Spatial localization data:
____

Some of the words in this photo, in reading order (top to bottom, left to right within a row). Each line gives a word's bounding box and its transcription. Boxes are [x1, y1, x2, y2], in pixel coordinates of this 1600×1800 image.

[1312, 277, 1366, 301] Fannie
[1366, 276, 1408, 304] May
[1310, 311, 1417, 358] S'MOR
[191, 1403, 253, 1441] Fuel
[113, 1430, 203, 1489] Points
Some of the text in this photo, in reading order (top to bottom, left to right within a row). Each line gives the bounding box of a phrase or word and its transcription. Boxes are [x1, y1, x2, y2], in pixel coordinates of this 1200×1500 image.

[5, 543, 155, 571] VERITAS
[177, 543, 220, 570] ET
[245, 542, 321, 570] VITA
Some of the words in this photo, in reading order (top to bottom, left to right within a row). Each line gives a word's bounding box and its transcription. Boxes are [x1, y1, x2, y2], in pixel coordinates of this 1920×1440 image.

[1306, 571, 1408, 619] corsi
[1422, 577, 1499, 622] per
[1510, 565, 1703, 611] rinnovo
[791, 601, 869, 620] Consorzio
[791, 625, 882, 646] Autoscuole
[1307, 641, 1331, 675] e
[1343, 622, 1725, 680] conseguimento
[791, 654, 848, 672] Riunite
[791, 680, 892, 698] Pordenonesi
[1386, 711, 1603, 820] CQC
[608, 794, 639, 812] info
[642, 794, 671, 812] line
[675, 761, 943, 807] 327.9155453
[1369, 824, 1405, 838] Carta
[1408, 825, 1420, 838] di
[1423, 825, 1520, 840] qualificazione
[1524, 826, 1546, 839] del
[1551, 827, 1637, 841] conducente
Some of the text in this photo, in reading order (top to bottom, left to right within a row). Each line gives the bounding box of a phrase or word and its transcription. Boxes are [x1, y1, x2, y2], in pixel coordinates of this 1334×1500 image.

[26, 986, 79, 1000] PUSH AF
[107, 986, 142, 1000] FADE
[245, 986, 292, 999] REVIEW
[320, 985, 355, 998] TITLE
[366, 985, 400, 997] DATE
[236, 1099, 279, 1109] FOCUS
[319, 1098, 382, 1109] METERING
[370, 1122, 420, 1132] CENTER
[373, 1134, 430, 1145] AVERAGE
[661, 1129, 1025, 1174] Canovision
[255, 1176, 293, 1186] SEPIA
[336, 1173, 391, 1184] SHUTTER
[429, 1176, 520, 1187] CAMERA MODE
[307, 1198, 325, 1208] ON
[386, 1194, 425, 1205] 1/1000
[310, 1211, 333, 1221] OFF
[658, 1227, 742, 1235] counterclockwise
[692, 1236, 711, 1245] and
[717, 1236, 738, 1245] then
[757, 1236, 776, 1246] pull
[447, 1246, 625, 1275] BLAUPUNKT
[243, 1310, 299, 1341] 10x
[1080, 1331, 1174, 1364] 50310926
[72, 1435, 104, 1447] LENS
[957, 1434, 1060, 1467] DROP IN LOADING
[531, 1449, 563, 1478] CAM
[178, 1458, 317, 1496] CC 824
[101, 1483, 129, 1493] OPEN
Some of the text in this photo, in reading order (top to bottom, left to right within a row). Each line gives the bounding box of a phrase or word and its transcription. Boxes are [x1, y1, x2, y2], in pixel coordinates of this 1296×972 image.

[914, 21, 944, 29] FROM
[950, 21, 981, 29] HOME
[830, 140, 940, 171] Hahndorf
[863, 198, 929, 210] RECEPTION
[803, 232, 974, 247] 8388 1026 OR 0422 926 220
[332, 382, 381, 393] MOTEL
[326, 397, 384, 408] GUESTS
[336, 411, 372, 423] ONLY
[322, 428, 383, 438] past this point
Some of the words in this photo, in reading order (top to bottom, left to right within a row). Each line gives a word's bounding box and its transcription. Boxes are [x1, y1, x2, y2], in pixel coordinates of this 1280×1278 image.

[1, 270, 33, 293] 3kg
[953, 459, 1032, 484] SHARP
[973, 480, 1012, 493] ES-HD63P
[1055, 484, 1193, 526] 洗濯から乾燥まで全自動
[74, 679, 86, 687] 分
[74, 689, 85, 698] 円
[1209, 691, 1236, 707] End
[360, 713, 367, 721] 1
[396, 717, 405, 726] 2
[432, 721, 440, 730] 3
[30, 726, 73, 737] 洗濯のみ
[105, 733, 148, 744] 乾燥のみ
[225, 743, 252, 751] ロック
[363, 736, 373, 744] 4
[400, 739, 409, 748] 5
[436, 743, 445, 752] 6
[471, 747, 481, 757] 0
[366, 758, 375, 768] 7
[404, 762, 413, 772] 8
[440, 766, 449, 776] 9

____

▸ **EXERCISE**
Word for word, output the records that appear above.

▸ **WORKED SOLUTION**
Some of the words in this photo, in reading order (top to bottom, left to right within a row). Each line gives a word's bounding box and its transcription. Boxes are [x1, y1, x2, y2], in pixel coordinates of this 1600×1800 image.

[1312, 277, 1366, 301] Fannie
[1366, 276, 1408, 304] May
[1310, 311, 1417, 358] S'MOR
[191, 1403, 253, 1441] Fuel
[113, 1430, 203, 1489] Points
Some of the text in this photo, in reading order (top to bottom, left to right within a row). Each line gives the bounding box of a phrase or word and its transcription. Boxes are [x1, y1, x2, y2], in pixel coordinates of this 1200×1500 image.

[5, 543, 155, 571] VERITAS
[177, 543, 220, 570] ET
[245, 542, 321, 570] VITA
Some of the words in this photo, in reading order (top to bottom, left to right within a row). Each line gives a word's bounding box and its transcription. Boxes are [x1, y1, x2, y2], in pixel coordinates of this 1920×1440 image.

[1306, 571, 1408, 619] corsi
[1422, 577, 1499, 622] per
[1510, 565, 1703, 611] rinnovo
[791, 601, 869, 620] Consorzio
[791, 625, 882, 646] Autoscuole
[1307, 641, 1331, 675] e
[1343, 622, 1725, 680] conseguimento
[791, 654, 848, 672] Riunite
[791, 680, 892, 698] Pordenonesi
[1386, 711, 1603, 820] CQC
[608, 794, 639, 812] info
[642, 794, 671, 812] line
[675, 761, 943, 807] 327.9155453
[1369, 824, 1405, 838] Carta
[1408, 825, 1420, 838] di
[1423, 825, 1520, 840] qualificazione
[1524, 826, 1546, 839] del
[1551, 827, 1637, 841] conducente
Some of the text in this photo, in reading order (top to bottom, left to right within a row). Each line gives the bounding box of a phrase or word and its transcription. Boxes are [x1, y1, x2, y2], in pixel coordinates of this 1334×1500 image.

[26, 986, 79, 1000] PUSH AF
[107, 986, 142, 1000] FADE
[245, 986, 292, 999] REVIEW
[320, 985, 355, 998] TITLE
[366, 985, 400, 997] DATE
[236, 1099, 279, 1109] FOCUS
[319, 1098, 382, 1109] METERING
[370, 1122, 420, 1132] CENTER
[373, 1134, 430, 1145] AVERAGE
[661, 1129, 1025, 1174] Canovision
[255, 1176, 293, 1186] SEPIA
[336, 1173, 391, 1184] SHUTTER
[429, 1176, 520, 1187] CAMERA MODE
[307, 1198, 325, 1208] ON
[386, 1194, 425, 1205] 1/1000
[310, 1211, 333, 1221] OFF
[658, 1227, 742, 1235] counterclockwise
[692, 1236, 711, 1245] and
[717, 1236, 738, 1245] then
[757, 1236, 776, 1246] pull
[447, 1246, 625, 1275] BLAUPUNKT
[243, 1310, 299, 1341] 10x
[1080, 1331, 1174, 1364] 50310926
[72, 1435, 104, 1447] LENS
[957, 1434, 1060, 1467] DROP IN LOADING
[531, 1449, 563, 1478] CAM
[178, 1458, 317, 1496] CC 824
[101, 1483, 129, 1493] OPEN
Some of the text in this photo, in reading order (top to bottom, left to right within a row). Each line gives the bounding box of a phrase or word and its transcription. Boxes are [x1, y1, x2, y2], in pixel coordinates of this 1296×972 image.

[914, 21, 944, 29] FROM
[950, 21, 981, 29] HOME
[830, 140, 940, 171] Hahndorf
[863, 198, 929, 210] RECEPTION
[803, 232, 974, 247] 8388 1026 OR 0422 926 220
[332, 382, 381, 393] MOTEL
[326, 397, 384, 408] GUESTS
[336, 411, 372, 423] ONLY
[322, 428, 383, 438] past this point
Some of the words in this photo, in reading order (top to bottom, left to right within a row). Each line gives a word's bounding box and its transcription. Boxes are [x1, y1, x2, y2], in pixel coordinates of this 1280×1278 image.

[1, 270, 33, 293] 3kg
[953, 459, 1032, 484] SHARP
[973, 480, 1012, 493] ES-HD63P
[1055, 484, 1193, 526] 洗濯から乾燥まで全自動
[74, 679, 86, 687] 分
[74, 689, 85, 698] 円
[1209, 691, 1236, 707] End
[360, 713, 367, 721] 1
[396, 717, 405, 726] 2
[432, 721, 440, 730] 3
[30, 726, 73, 737] 洗濯のみ
[105, 733, 148, 744] 乾燥のみ
[225, 743, 252, 751] ロック
[363, 736, 373, 744] 4
[400, 739, 409, 748] 5
[436, 743, 445, 752] 6
[471, 747, 481, 757] 0
[366, 758, 375, 768] 7
[404, 762, 413, 772] 8
[440, 766, 449, 776] 9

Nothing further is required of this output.